# Dina And The Dragon (fantasy) Updated w/score



## bryla (Jul 29, 2013)

So I'd like to share a rejected pitch I recorded before the summer. It's a childrens fantasy novel set in an undated past filled with dragons and potions and public executions.

[flash width=450 height=110 loop=false]http://player.soundcloud.com/player.swf?url=http%3A%2F%2Fapi.soundcloud.com%2Ftracks%2F103126990&secret_url=false[/flash] 

https://soundcloud.com/thomasbryla/dina-and-the-dragon

Score update:
http://issuu.com/thomasbrya/docs/dina/0


----------



## Mike Marino (Jul 29, 2013)

Great piece. Really enjoyed the writing for all sections! Thanks for sharing!


----------



## Darthmorphling (Jul 29, 2013)

*Re: Dina And The Dragon (fantasy)*

Very nice piece. The writing is excellent!


----------



## bryla (Jul 30, 2013)

Mike and Darthmorphling thank you very much for your nice comments!


----------



## Hal (Jul 30, 2013)

Rejected ?? who did they hire instead John williams ? very nice composition Bryla


----------



## TGV (Jul 30, 2013)

Overall a very nice piece. Some of the transitions sound a bit radical, e.g. at 1:49, but it's pretty promising. If this got rejected, it's probably because they wanted a totally different style.
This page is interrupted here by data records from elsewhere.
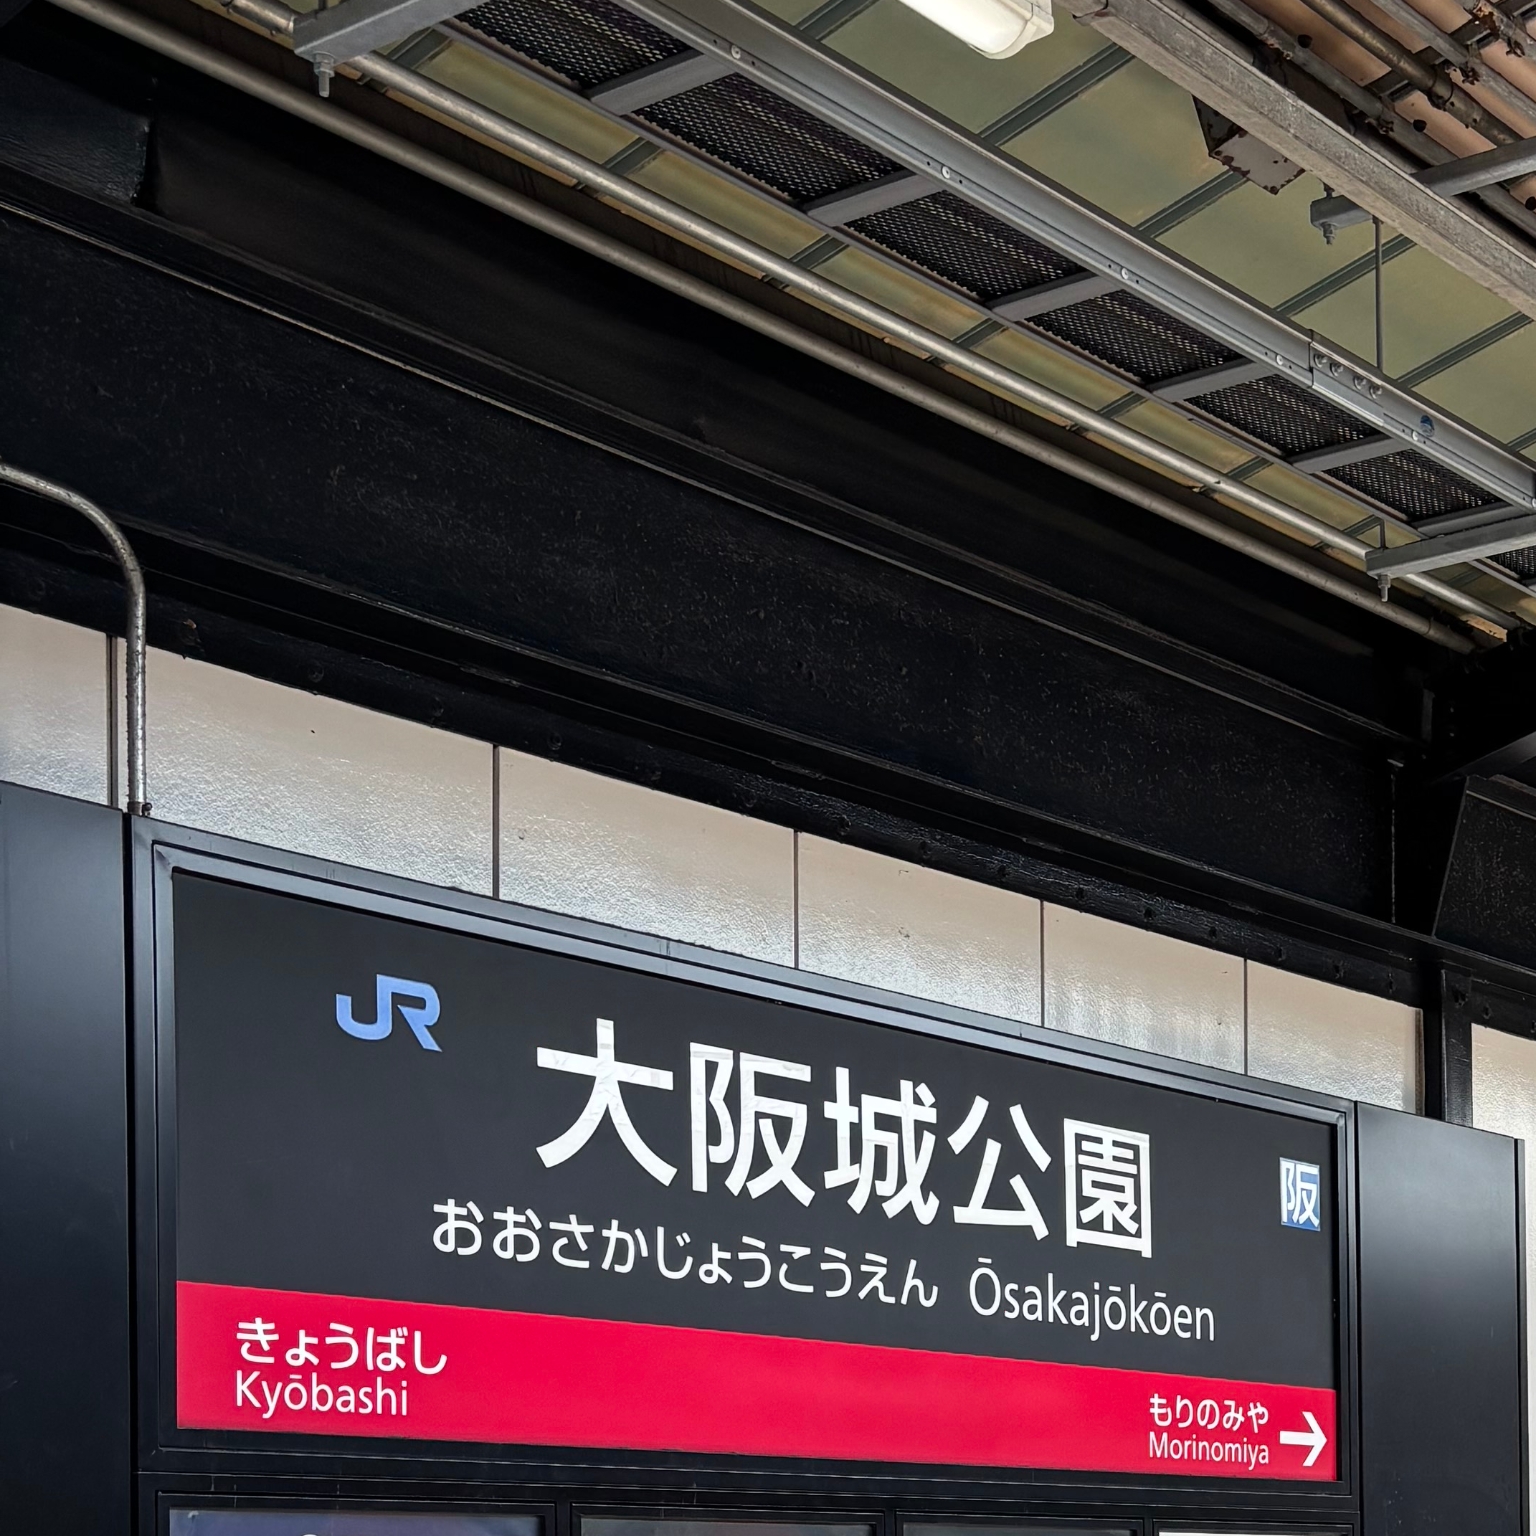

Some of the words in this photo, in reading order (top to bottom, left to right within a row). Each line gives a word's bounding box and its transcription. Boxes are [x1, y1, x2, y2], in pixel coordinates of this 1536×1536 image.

[336, 974, 442, 1052] JR
[536, 1017, 1153, 1258] 大阪城公園
[1282, 1162, 1320, 1227] 阪
[433, 1198, 939, 1308] おおさかじょうこうえん
[969, 1257, 1216, 1343] Ōsakajōkōen
[236, 1317, 448, 1375] きょうばし
[236, 1370, 408, 1419] Kyōbashi
[1149, 1393, 1269, 1433] もりのみや
[1149, 1431, 1269, 1471] Morinomiya
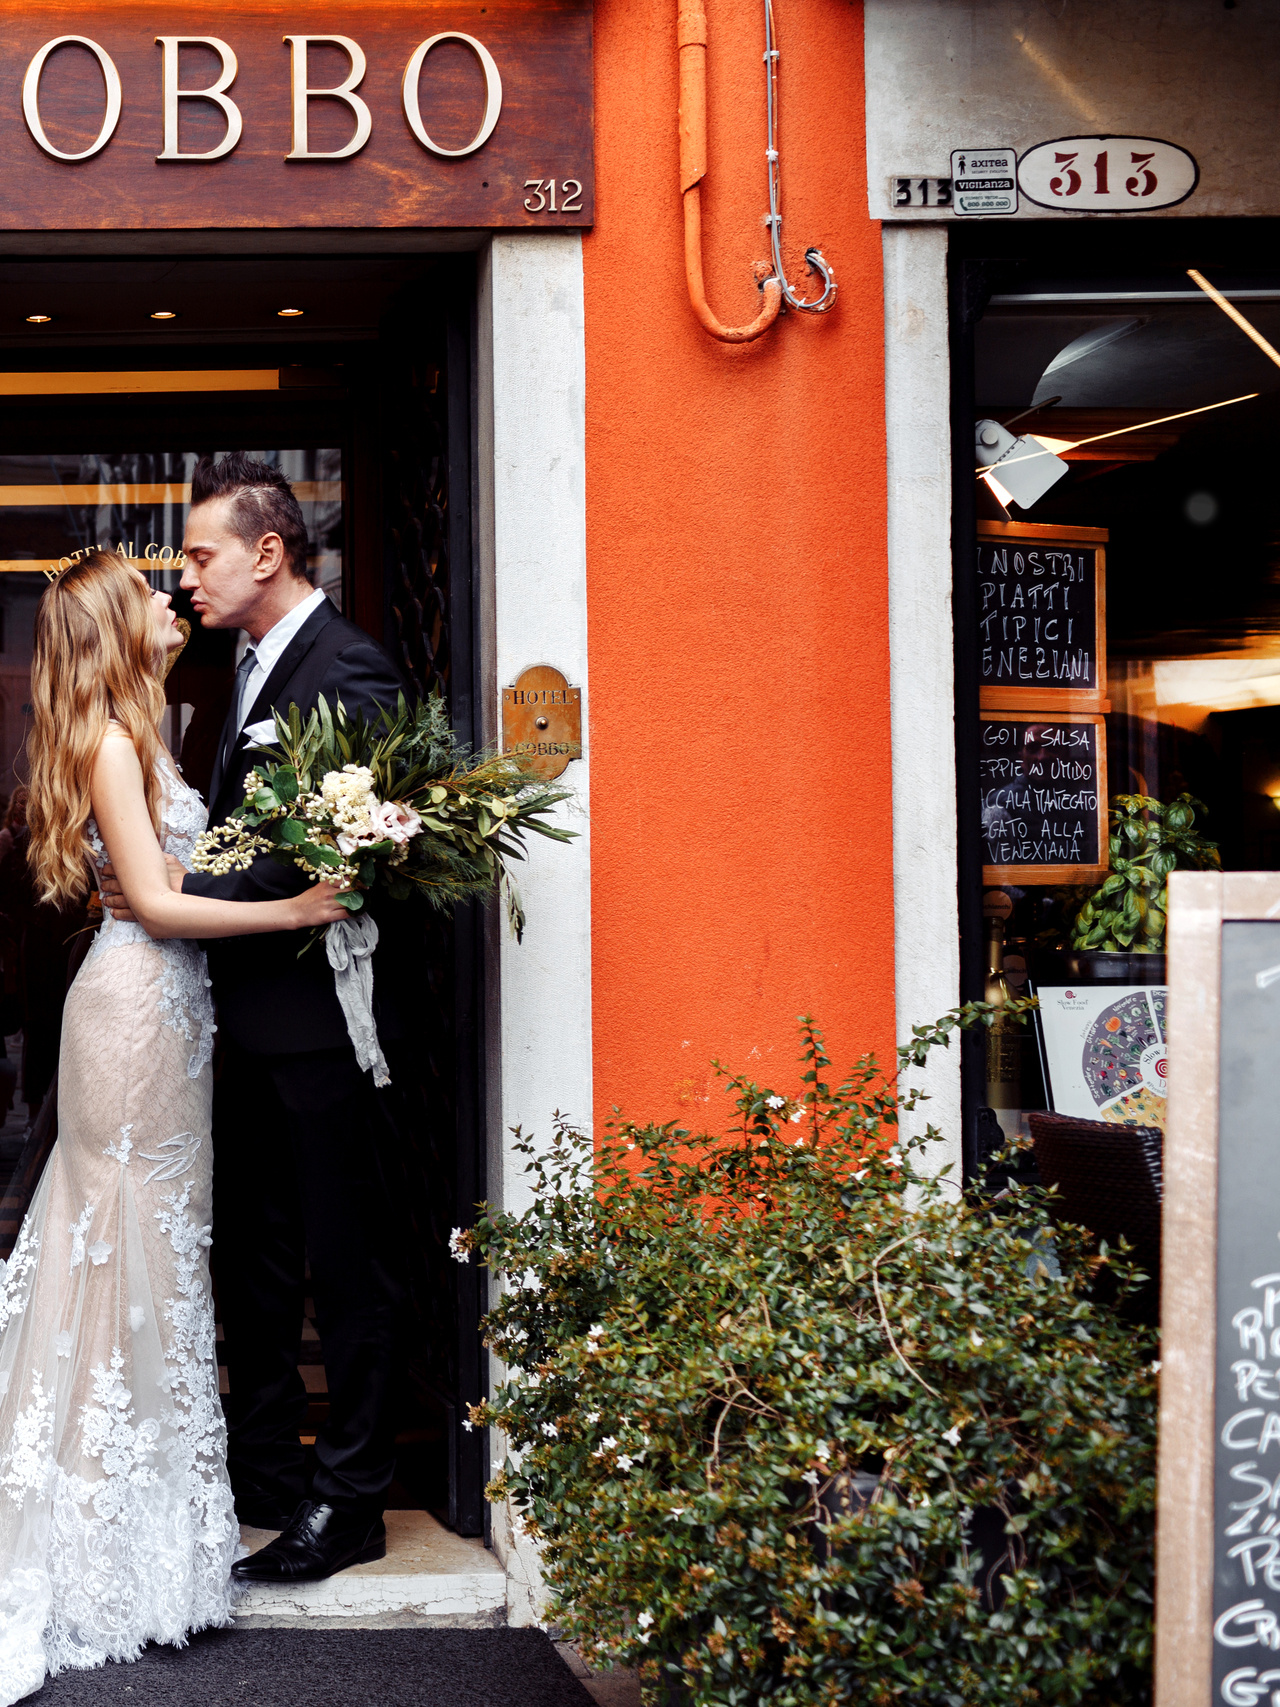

I didn't really like the recording, though. The strings are nice, but the brass, woodwinds and percussion sound too roomy, and the sound isn't very warm.


----------



## Timberland70 (Jul 30, 2013)

*Re: Dina And The Dragon (fantasy)*

Thomas, to me it is an awesome piece of music. I agree that the reason for the rejection was most likely not the quality of the music, but the expectation on the style. I personally also like the sound and dynamics, although I just heard it at my laptop with headphones.
Thanks for sharing!
Helge


----------



## BenG (Jul 30, 2013)

*Re: Dina And The Dragon (fantasy)*

Great piece! Really enjoyed it bryla


----------



## bryla (Jul 31, 2013)

Thanks Hal! I don't know who they hired but I guess it is a composer the director has worked with previously.

TGV: Thanks for your concern about the winds and reverb. It's the first time I've mixed a live orchestra, so I knew that I was way over my head, but I felt it a great challenge, and I definitely learned where I should improve!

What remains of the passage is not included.